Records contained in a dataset
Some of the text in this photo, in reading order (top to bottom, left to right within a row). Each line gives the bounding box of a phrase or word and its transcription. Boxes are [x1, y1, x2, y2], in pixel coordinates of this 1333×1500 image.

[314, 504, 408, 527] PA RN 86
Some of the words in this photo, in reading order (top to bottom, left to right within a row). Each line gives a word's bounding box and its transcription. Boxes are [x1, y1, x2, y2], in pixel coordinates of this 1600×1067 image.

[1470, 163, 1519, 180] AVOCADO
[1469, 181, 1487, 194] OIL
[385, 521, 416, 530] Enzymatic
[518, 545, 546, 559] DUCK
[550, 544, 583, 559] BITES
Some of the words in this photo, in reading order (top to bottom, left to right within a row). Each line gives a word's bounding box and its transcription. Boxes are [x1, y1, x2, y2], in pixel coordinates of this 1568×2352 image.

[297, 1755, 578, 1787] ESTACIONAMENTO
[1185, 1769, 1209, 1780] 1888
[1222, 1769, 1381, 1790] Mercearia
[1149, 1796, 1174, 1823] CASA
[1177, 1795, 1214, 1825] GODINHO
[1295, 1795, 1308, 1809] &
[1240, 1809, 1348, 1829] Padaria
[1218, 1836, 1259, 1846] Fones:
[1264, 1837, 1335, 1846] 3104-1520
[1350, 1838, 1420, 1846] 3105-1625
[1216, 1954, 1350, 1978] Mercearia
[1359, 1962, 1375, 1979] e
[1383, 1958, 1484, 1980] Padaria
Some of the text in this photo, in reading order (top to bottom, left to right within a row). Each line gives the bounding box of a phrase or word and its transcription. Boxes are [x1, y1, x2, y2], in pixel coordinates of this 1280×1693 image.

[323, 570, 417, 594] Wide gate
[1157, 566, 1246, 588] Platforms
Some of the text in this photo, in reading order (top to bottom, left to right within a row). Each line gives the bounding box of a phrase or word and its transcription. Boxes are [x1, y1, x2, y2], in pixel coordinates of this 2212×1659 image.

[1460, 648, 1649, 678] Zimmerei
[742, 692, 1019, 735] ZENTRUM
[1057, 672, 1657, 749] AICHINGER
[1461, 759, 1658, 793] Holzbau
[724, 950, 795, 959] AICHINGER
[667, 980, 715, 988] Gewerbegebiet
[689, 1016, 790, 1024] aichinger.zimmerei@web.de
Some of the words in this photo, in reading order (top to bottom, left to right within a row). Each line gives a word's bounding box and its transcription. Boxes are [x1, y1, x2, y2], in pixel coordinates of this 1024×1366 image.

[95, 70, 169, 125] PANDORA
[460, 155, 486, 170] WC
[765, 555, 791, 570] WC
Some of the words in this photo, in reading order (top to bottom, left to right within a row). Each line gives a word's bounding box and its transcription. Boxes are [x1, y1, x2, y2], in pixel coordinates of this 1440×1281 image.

- [What you have to do]
The line containing "this 2212×1659 image." and all lines after it, through the last line of the data, should be retyped exactly.

- [Reply]
Some of the text in this photo, in reading order (top to bottom, left to right within a row). Each line gives the bounding box of a phrase or word and its transcription. Boxes are [x1, y1, x2, y2], in pixel coordinates of this 2212×1659 image.

[1460, 648, 1649, 678] Zimmerei
[742, 692, 1019, 735] ZENTRUM
[1057, 672, 1657, 749] AICHINGER
[1461, 759, 1658, 793] Holzbau
[724, 950, 795, 959] AICHINGER
[667, 980, 715, 988] Gewerbegebiet
[689, 1016, 790, 1024] aichinger.zimmerei@web.de
Some of the words in this photo, in reading order (top to bottom, left to right within a row). Each line gives a word's bounding box and its transcription. Boxes are [x1, y1, x2, y2], in pixel coordinates of this 1024×1366 image.

[95, 70, 169, 125] PANDORA
[460, 155, 486, 170] WC
[765, 555, 791, 570] WC
Some of the words in this photo, in reading order (top to bottom, left to right within a row). Each line gives a word's bounding box and its transcription. Boxes are [x1, y1, x2, y2], in pixel coordinates of this 1440×1281 image.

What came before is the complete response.